Am 29. November 2021 ist die Sach- und Rechtslage mit den Beteiligten vor der Berichterstatterin erörtert worden.

Unter dem 15. Februar 2022 teilte Dr. E. mit, dass die Behandlungen vom V. TagesKlinikum C-Stadt von ihm als leitendem und ausführendem Arzt erbracht worden sind. Die Behandlung sei in der privaten Tagesklinik zur V.pherese erfolgt. Dies stelle keine Kassenleistung dar. 

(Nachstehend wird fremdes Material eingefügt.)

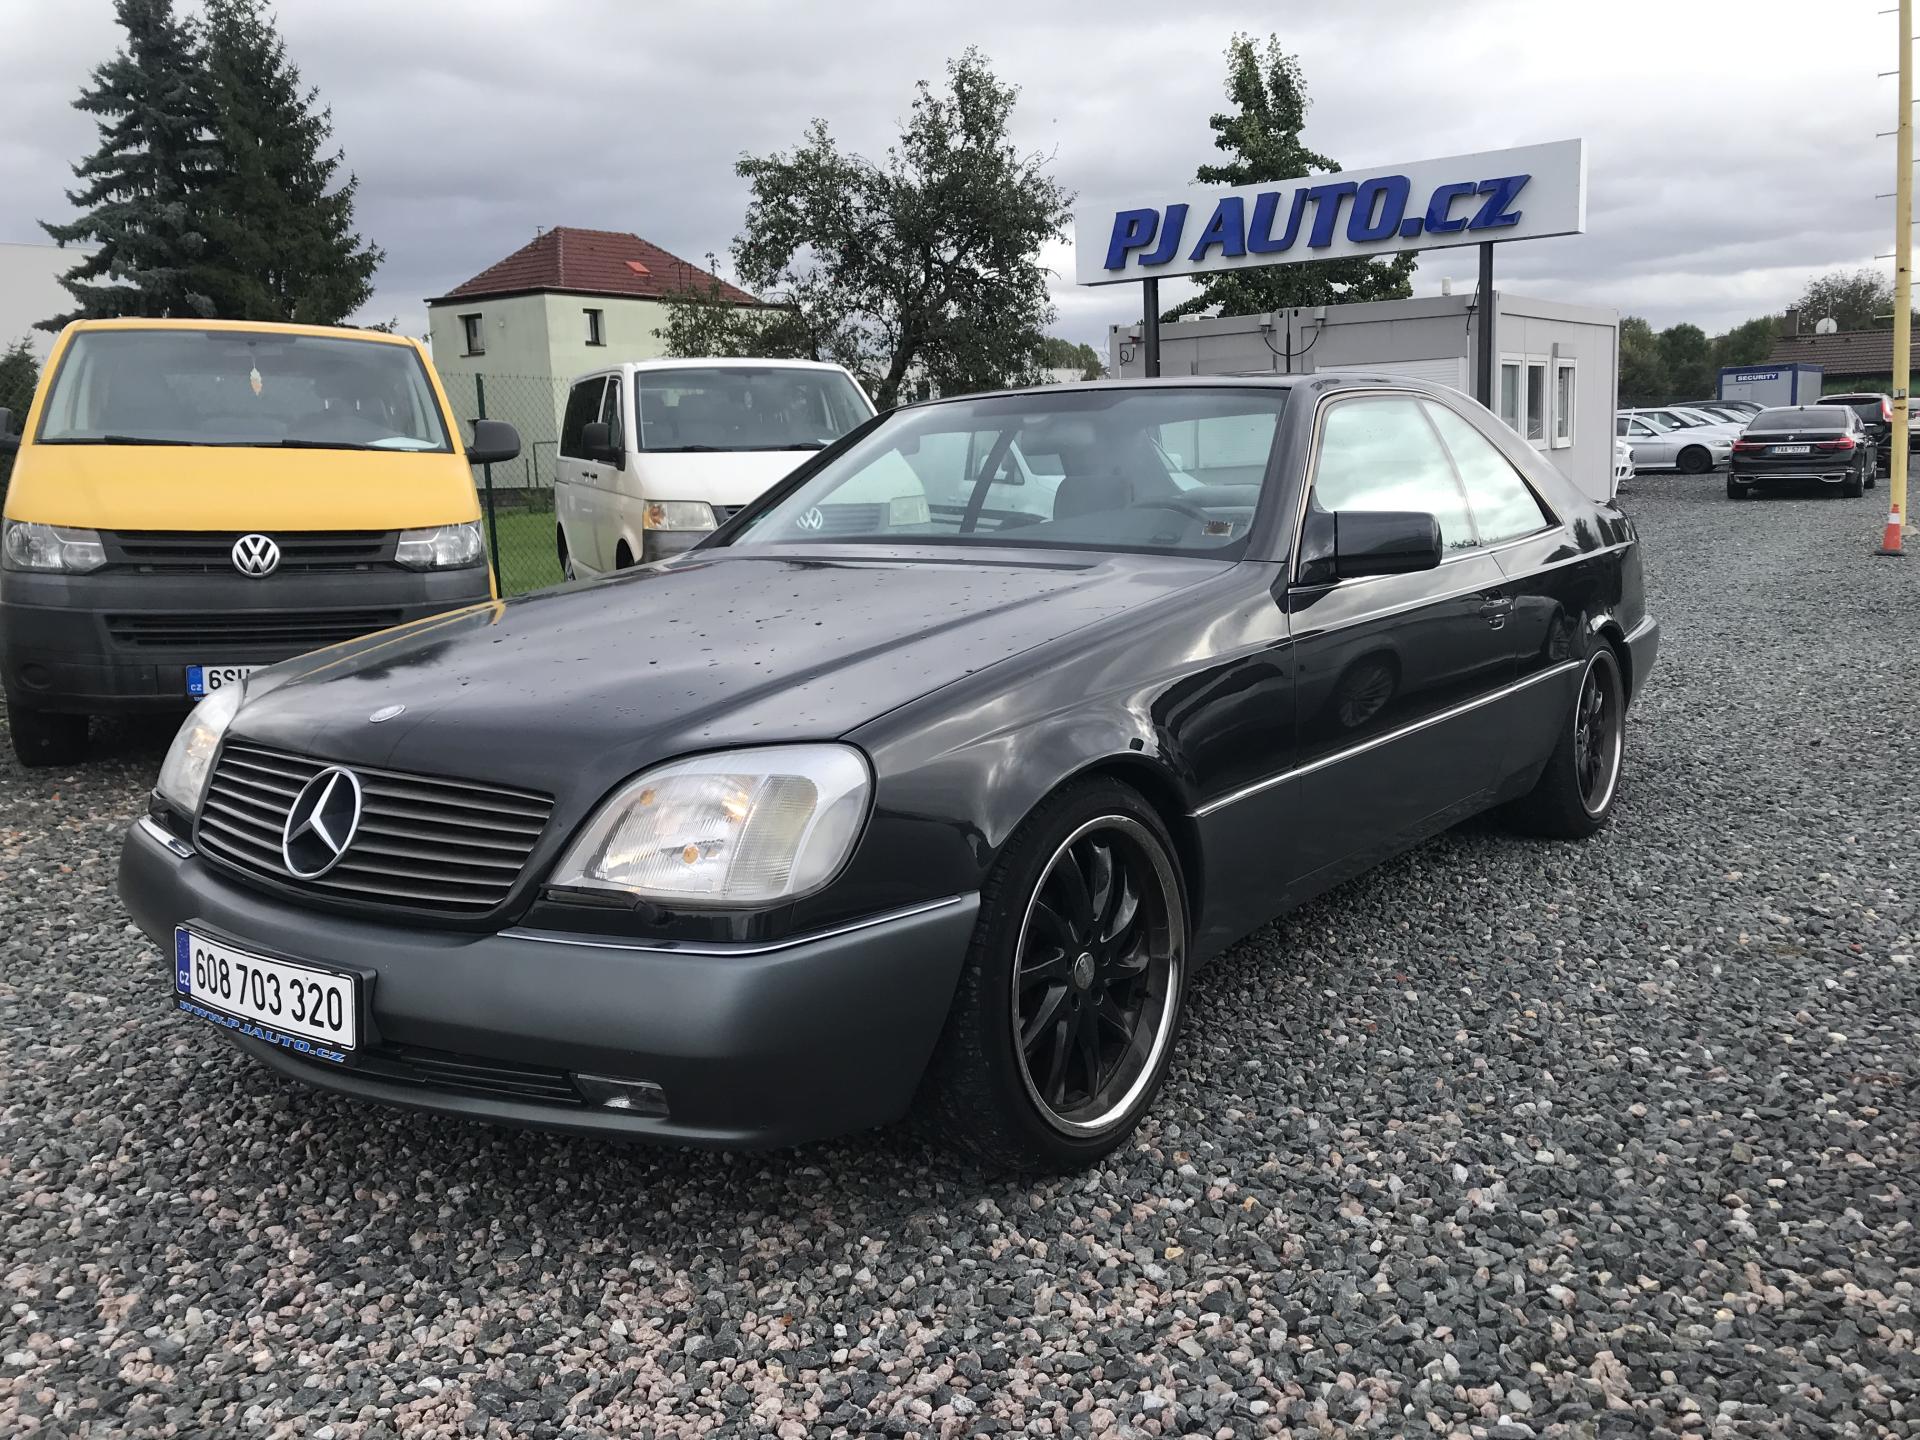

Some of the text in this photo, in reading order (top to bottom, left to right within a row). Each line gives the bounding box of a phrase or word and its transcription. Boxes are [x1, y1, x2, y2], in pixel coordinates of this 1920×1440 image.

Im unfallversicherungsrechtlichen Verfahren hat das Sozialgericht Darmstadt mit Urteil vom 1. Februar 2019 die Klage der Klägerin abgewiesen (S 1 U 61/15). Die hiergegen erhobene Berufung hat das Hessische Landessozialgericht mit Urteil vom 3. Juni 2022 zurückgewiesen (L 9 U 66/19). Ein Arbeitsunfall im Sinne des SGB VII sei nicht bewiesen. In dem Urteil vom 3. Juni 2022 wird ausgeführt, dass die Klägerin im Jahre 2010 wegen einer Angststörung und zusätzlich wegen eines chronischen Müdigkeitssyndroms über 6 Monate arbeitsunfähig gewesen ist. Auch im Sommer 2011 sei sie wegen chronischer Müdigkeit über einen Monat arbeitsunfähig gewesen.

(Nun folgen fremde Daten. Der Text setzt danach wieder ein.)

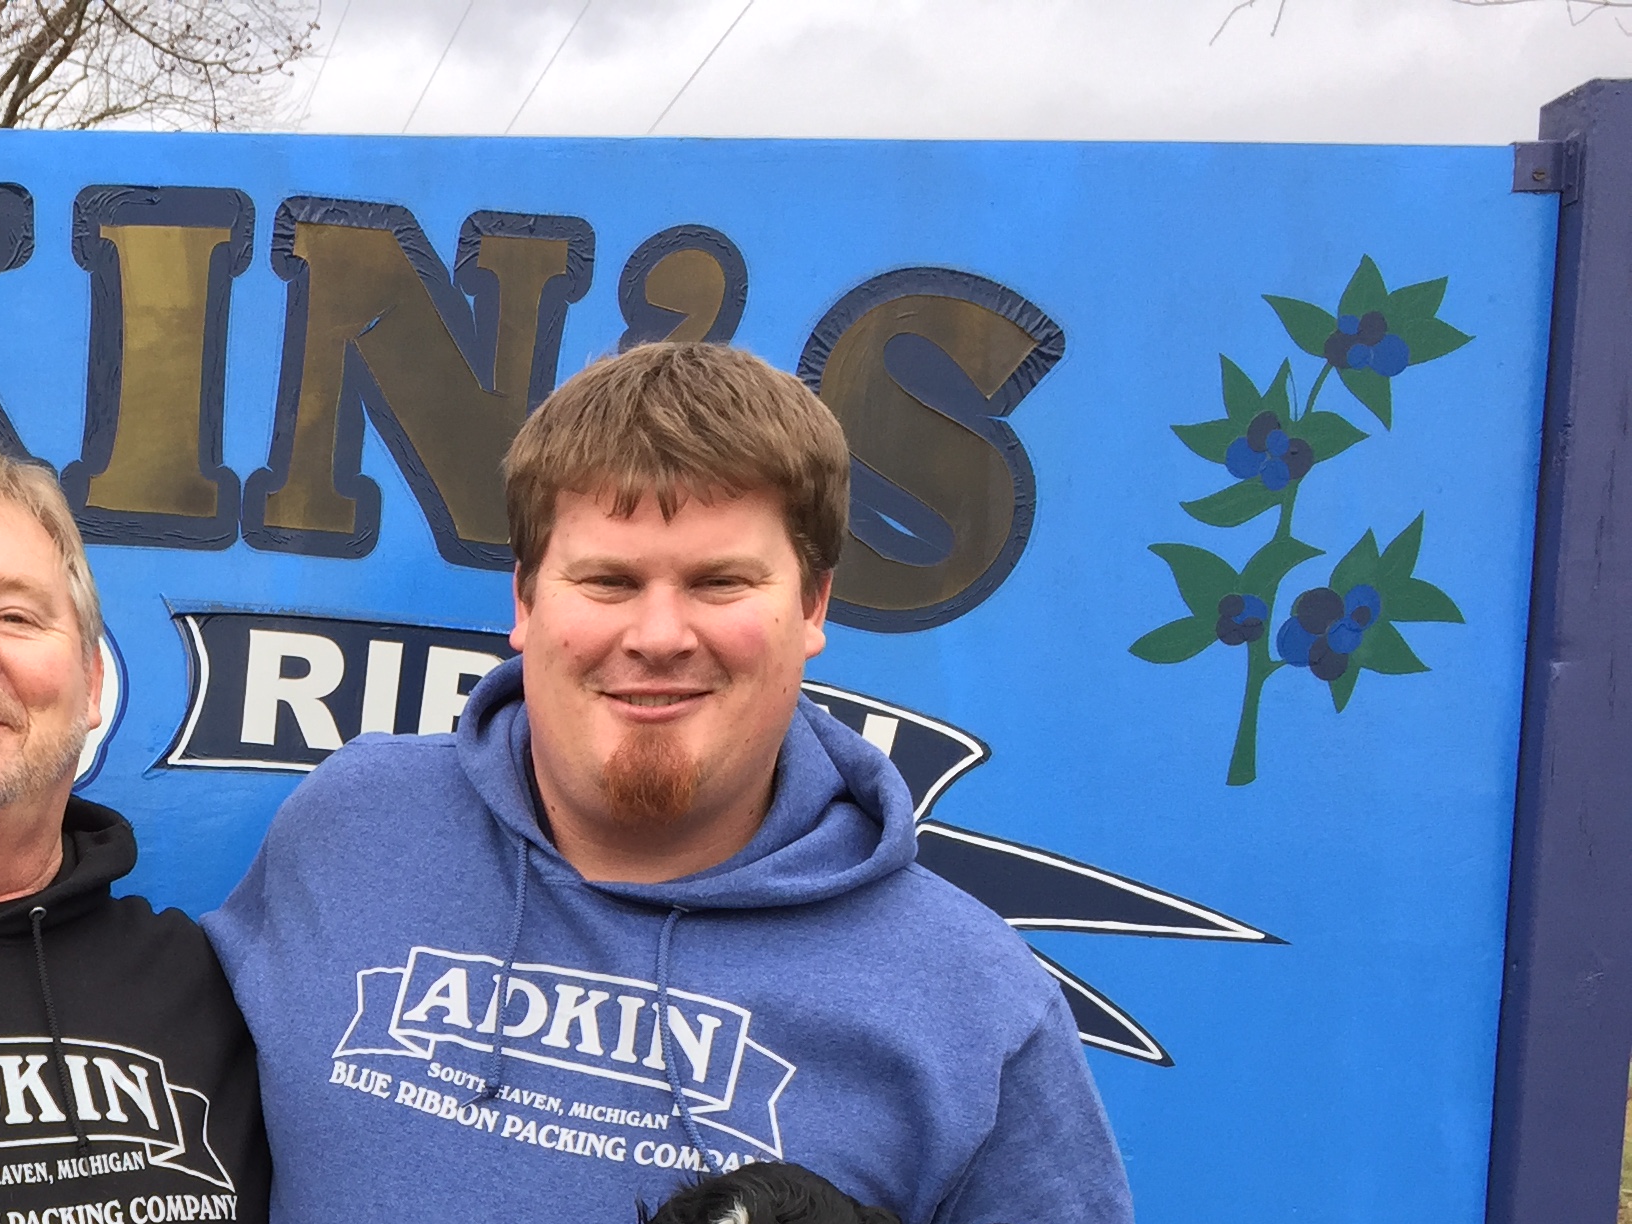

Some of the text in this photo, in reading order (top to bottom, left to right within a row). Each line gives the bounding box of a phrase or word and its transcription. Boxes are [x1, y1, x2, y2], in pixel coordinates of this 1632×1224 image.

[402, 967, 723, 1084] ADKIN
[329, 1060, 393, 1099] BLUE
[394, 1080, 500, 1132] RIBBON
[500, 1114, 627, 1162] PACKING
[568, 1101, 669, 1130] MICHIGAN
[57, 1151, 146, 1180] MICHIGAN

Wegen des weiteren Sach- und Streitstandes wird auf die Gerichtsakte sowie die Verwaltungsakte der Beklagten, die Gegenstand der mündlichen Verhandlung waren, Bezug genommen. 


Entscheidungsgründe

Die zulässige Berufung ist unbegründet. 

Zu Recht hat das Sozialgericht die Klage mit Urteil vom 31. März 2021 abgewiesen. Der Bescheid der Beklagten vom aufzuheben und die Beklagte unter Aufhebung des Bescheides vom 15. April 2013 in Gestalt des Widerspruchsbescheides vom 7. August 2014 ist rechtmäßig und verletzt die Klägerin nicht in ihren Rechten.

Zur Vermeidung von Wiederholungen nimmt der Senat insoweit gemäß § 153 Abs. 2 SGG Bezug auf die zutreffenden Entscheidungsgründe der erstinstanzlichen Entscheidung. Sie sind überzeugend und würdigen die fallentscheidenden Aspekte unter Berücksichtigung der hierzu ergangenen höchstrichterlichen Rechtsprechung vollständig.

Der Vortrag im Berufungsverfahren begründet keine andere Entscheidung.

Ergänzend wird auf das unfallversicherungsrechliche Verfahren verwiesen. Hiernach ist ein Arbeitsunfall der Klägerin aufgrund eines Fume Events nicht nachgewiesen. Damit ist fraglich, ob es zu der von der Klägerin vorgebrachten Intoxikation gekommen ist. Da ein Anspruch auf Krankenbehandlung nicht davon abhängt, auf welche Ursache die Gesundheitsbeschwerden beruhen, kommt es auf die Frage der Kausalität regelmäßig zwar nicht maßgeblich an. Eine nicht nachgewiesene TCP-lntoxikation stellte allerdings die medizinische Erforderlichkeit einer Behandlung eben dieser (angenommenen) Erkrankung erheblich in Frage.

Die Kostenentscheidung beruht auf § 193 SGG.

Die Revision war nicht zuzulassen, da die Voraussetzungen von § 160 Abs. 2 SGG nicht vorliegen.